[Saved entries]
================
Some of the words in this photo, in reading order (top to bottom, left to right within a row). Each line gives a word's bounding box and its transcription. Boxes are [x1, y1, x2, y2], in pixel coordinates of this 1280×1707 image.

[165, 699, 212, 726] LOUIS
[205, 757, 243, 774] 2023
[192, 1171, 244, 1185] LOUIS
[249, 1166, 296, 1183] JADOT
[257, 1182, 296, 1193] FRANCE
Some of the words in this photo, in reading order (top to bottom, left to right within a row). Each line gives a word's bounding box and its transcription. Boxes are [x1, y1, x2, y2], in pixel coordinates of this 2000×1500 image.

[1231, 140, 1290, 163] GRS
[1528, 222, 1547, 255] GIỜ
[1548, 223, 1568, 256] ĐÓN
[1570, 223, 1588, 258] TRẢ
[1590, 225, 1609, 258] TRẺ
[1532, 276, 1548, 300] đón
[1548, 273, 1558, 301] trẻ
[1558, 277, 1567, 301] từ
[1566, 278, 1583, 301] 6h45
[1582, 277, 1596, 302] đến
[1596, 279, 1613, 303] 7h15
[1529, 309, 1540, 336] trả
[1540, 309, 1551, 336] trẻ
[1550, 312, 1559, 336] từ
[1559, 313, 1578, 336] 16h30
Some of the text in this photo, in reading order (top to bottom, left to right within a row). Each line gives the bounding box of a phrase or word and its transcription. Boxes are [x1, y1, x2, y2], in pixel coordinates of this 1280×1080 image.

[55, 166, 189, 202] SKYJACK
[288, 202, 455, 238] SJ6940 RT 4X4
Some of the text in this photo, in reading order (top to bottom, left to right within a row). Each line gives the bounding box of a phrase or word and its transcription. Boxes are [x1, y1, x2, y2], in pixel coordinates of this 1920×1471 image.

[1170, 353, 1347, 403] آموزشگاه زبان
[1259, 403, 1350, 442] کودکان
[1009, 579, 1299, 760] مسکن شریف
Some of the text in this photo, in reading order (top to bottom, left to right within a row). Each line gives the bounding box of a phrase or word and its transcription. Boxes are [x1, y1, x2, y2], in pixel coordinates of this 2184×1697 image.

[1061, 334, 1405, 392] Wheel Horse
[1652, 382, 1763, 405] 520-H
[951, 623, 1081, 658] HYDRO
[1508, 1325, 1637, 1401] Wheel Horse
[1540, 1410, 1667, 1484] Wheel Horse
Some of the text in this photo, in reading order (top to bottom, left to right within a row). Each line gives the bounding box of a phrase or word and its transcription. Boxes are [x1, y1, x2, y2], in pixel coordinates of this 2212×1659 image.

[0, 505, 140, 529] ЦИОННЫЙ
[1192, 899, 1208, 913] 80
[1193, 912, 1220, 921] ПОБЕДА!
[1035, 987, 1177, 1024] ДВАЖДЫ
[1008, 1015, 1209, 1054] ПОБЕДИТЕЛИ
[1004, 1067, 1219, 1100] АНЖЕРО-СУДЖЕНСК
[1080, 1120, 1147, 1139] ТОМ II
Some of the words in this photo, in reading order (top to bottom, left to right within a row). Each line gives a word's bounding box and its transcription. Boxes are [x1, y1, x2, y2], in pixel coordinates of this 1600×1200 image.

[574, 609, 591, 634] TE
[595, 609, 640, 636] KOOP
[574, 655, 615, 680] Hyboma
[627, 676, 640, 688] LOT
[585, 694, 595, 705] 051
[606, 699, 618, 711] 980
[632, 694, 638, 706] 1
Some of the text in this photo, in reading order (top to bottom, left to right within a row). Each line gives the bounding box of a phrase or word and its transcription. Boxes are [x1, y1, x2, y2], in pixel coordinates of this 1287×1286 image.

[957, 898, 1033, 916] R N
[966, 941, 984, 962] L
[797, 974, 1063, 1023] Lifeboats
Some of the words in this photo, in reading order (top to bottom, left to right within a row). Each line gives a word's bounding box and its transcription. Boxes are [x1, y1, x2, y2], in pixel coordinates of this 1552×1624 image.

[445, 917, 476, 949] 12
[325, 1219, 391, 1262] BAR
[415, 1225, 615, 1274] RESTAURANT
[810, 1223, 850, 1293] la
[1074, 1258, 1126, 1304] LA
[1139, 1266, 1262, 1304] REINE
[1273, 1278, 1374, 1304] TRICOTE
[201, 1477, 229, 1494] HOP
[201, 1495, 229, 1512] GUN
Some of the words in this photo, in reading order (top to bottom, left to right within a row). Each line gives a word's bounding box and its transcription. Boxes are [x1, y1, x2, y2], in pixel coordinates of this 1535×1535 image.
================
§ Work instruction
Please write out the entries exactly, keeping every line intact.

§ Answer for the task
Some of the words in this photo, in reading order (top to bottom, left to right within a row). Each line gives a word's bounding box and its transcription. Boxes are [x1, y1, x2, y2], in pixel coordinates of this 1280×1707 image.

[165, 699, 212, 726] LOUIS
[205, 757, 243, 774] 2023
[192, 1171, 244, 1185] LOUIS
[249, 1166, 296, 1183] JADOT
[257, 1182, 296, 1193] FRANCE
Some of the words in this photo, in reading order (top to bottom, left to right within a row). Each line gives a word's bounding box and its transcription. Boxes are [x1, y1, x2, y2], in pixel coordinates of this 2000×1500 image.

[1231, 140, 1290, 163] GRS
[1528, 222, 1547, 255] GIỜ
[1548, 223, 1568, 256] ĐÓN
[1570, 223, 1588, 258] TRẢ
[1590, 225, 1609, 258] TRẺ
[1532, 276, 1548, 300] đón
[1548, 273, 1558, 301] trẻ
[1558, 277, 1567, 301] từ
[1566, 278, 1583, 301] 6h45
[1582, 277, 1596, 302] đến
[1596, 279, 1613, 303] 7h15
[1529, 309, 1540, 336] trả
[1540, 309, 1551, 336] trẻ
[1550, 312, 1559, 336] từ
[1559, 313, 1578, 336] 16h30
Some of the text in this photo, in reading order (top to bottom, left to right within a row). Each line gives the bounding box of a phrase or word and its transcription. Boxes are [x1, y1, x2, y2], in pixel coordinates of this 1280×1080 image.

[55, 166, 189, 202] SKYJACK
[288, 202, 455, 238] SJ6940 RT 4X4
Some of the text in this photo, in reading order (top to bottom, left to right within a row). Each line gives the bounding box of a phrase or word and its transcription. Boxes are [x1, y1, x2, y2], in pixel coordinates of this 1920×1471 image.

[1170, 353, 1347, 403] آموزشگاه زبان
[1259, 403, 1350, 442] کودکان
[1009, 579, 1299, 760] مسکن شریف
Some of the text in this photo, in reading order (top to bottom, left to right within a row). Each line gives the bounding box of a phrase or word and its transcription. Boxes are [x1, y1, x2, y2], in pixel coordinates of this 2184×1697 image.

[1061, 334, 1405, 392] Wheel Horse
[1652, 382, 1763, 405] 520-H
[951, 623, 1081, 658] HYDRO
[1508, 1325, 1637, 1401] Wheel Horse
[1540, 1410, 1667, 1484] Wheel Horse
Some of the text in this photo, in reading order (top to bottom, left to right within a row). Each line gives the bounding box of a phrase or word and its transcription. Boxes are [x1, y1, x2, y2], in pixel coordinates of this 2212×1659 image.

[0, 505, 140, 529] ЦИОННЫЙ
[1192, 899, 1208, 913] 80
[1193, 912, 1220, 921] ПОБЕДА!
[1035, 987, 1177, 1024] ДВАЖДЫ
[1008, 1015, 1209, 1054] ПОБЕДИТЕЛИ
[1004, 1067, 1219, 1100] АНЖЕРО-СУДЖЕНСК
[1080, 1120, 1147, 1139] ТОМ II
Some of the words in this photo, in reading order (top to bottom, left to right within a row). Each line gives a word's bounding box and its transcription. Boxes are [x1, y1, x2, y2], in pixel coordinates of this 1600×1200 image.

[574, 609, 591, 634] TE
[595, 609, 640, 636] KOOP
[574, 655, 615, 680] Hyboma
[627, 676, 640, 688] LOT
[585, 694, 595, 705] 051
[606, 699, 618, 711] 980
[632, 694, 638, 706] 1
Some of the text in this photo, in reading order (top to bottom, left to right within a row). Each line gives the bounding box of a phrase or word and its transcription. Boxes are [x1, y1, x2, y2], in pixel coordinates of this 1287×1286 image.

[957, 898, 1033, 916] R N
[966, 941, 984, 962] L
[797, 974, 1063, 1023] Lifeboats
Some of the words in this photo, in reading order (top to bottom, left to right within a row). Each line gives a word's bounding box and its transcription. Boxes are [x1, y1, x2, y2], in pixel coordinates of this 1552×1624 image.

[445, 917, 476, 949] 12
[325, 1219, 391, 1262] BAR
[415, 1225, 615, 1274] RESTAURANT
[810, 1223, 850, 1293] la
[1074, 1258, 1126, 1304] LA
[1139, 1266, 1262, 1304] REINE
[1273, 1278, 1374, 1304] TRICOTE
[201, 1477, 229, 1494] HOP
[201, 1495, 229, 1512] GUN
Some of the words in this photo, in reading order (top to bottom, left to right within a row). Each line gives a word's bounding box and its transcription. Boxes are [x1, y1, x2, y2], in pixel coordinates of this 1535×1535 image.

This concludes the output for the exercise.